There is a widespread romantic view that "nature knows best".
I guess this is true from an evolutionary standpoint. Nature is much, much older than we are, and it is unwise to ignore the fact that we are part of it and very dependent on it. But evolution is blind, and it can get stuck in a suboptimal solution.
A mountain lake cannot jump over the next ridge to flow into the river down in the valley and into the sea much as it would like to, at least not until you get to the quantum level. Plant leaves reflect green light because photo­synthesis does not use the green part of the spectrum, which is decidedly suboptimal.
Nature does not alway have the best solution.
In birds and fishes, there is one glaring thing that nature does not have, and that is propellers.
There is a rotating mechanism at the most basic level of our cells in the physical mechanism of ATP synthase.
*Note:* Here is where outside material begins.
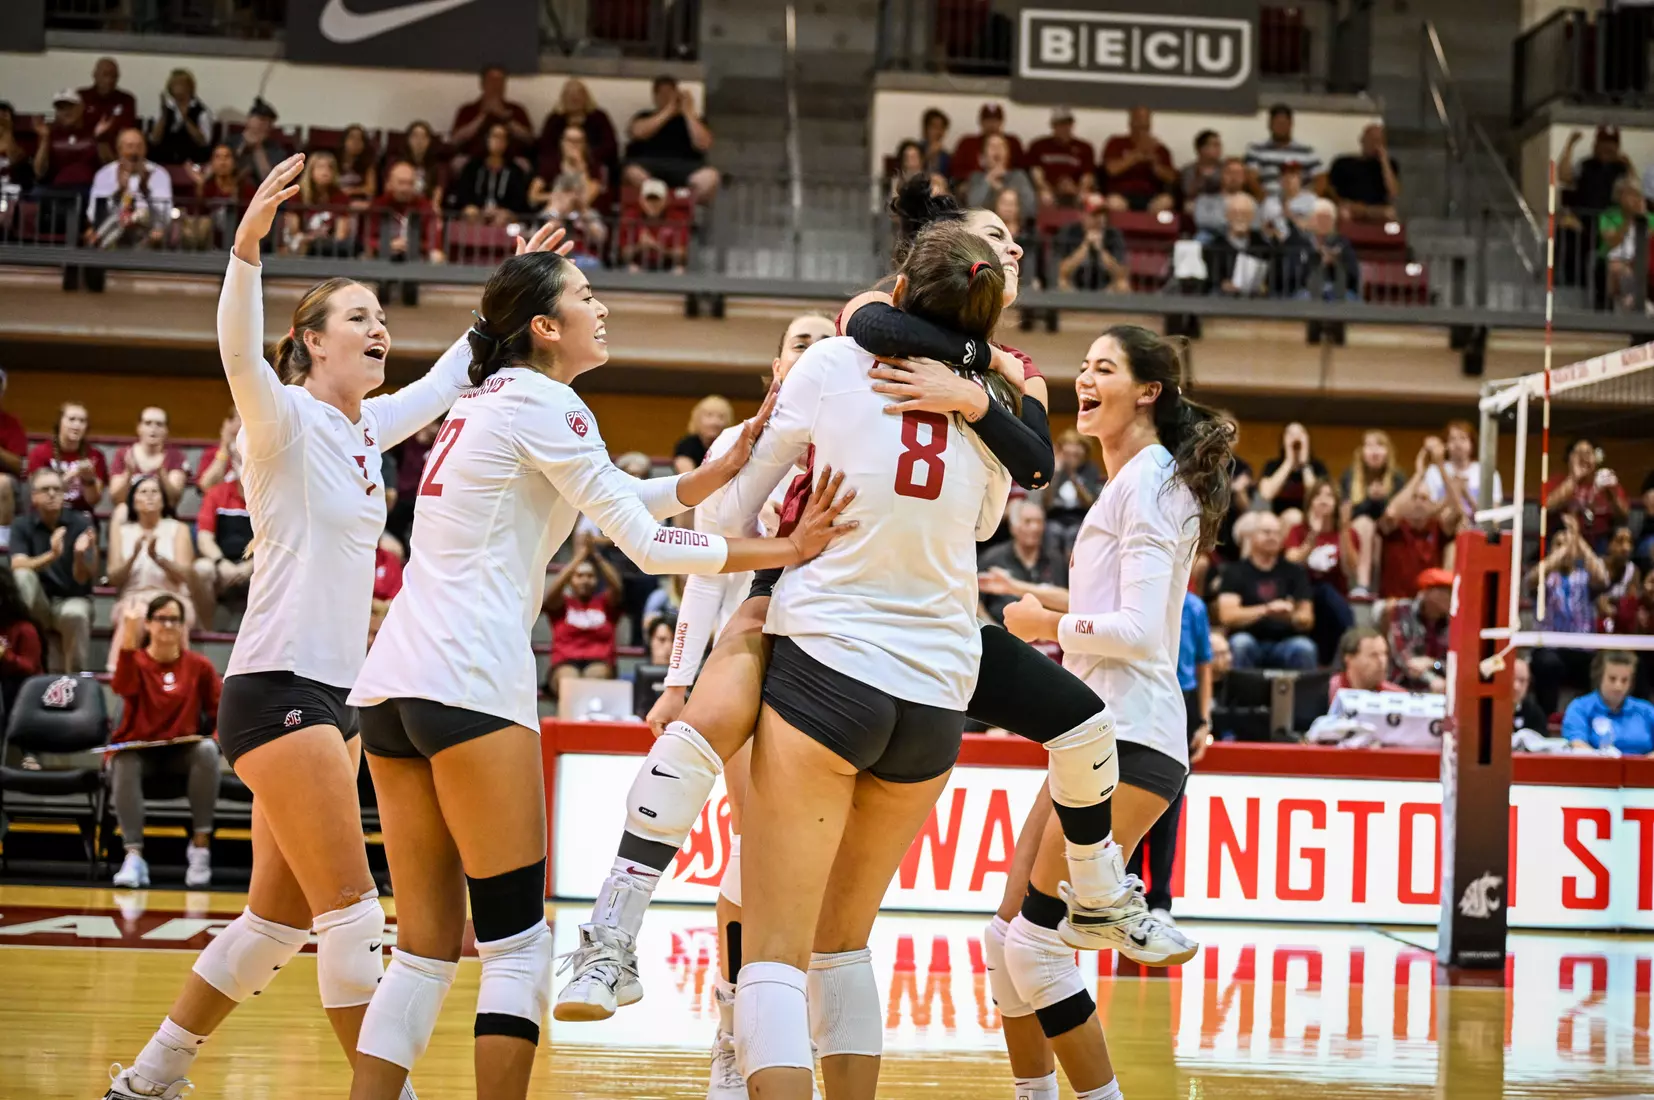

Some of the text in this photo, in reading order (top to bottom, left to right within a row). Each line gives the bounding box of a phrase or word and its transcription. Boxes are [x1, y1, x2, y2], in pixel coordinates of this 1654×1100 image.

[575, 424, 586, 433] 12
[894, 409, 949, 501] 8
[669, 622, 689, 670] COUGARS
But at the macro level, nature apparently never found a way to make blood flow ( or in plants, sap ) in sufficient quantities to rotating parts. Birds have flapping wings, and fishes have undulating fins and tails, not because they are particularly efficient but because apparently, there is an evolutionary roadblock on the path to continuous rotation.
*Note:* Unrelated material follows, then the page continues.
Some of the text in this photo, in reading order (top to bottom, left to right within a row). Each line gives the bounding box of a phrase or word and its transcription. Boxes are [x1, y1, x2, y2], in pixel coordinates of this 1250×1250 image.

There is no reason to suppose that birds are more efficient than airplanes, or dolphins more efficient than sub­marines, and in fact they are not. Having said that, no doubt nature has tricks that we have not discovered yet, and that we could learn from.
But the main reason for studying animal flight and swimming is that they hold a special fascination for us. It is simply irresistible to apply the knowledge that have served us so well in understanding ships and airplanes, to birds and insects as well as anything else that propels itself through air or water.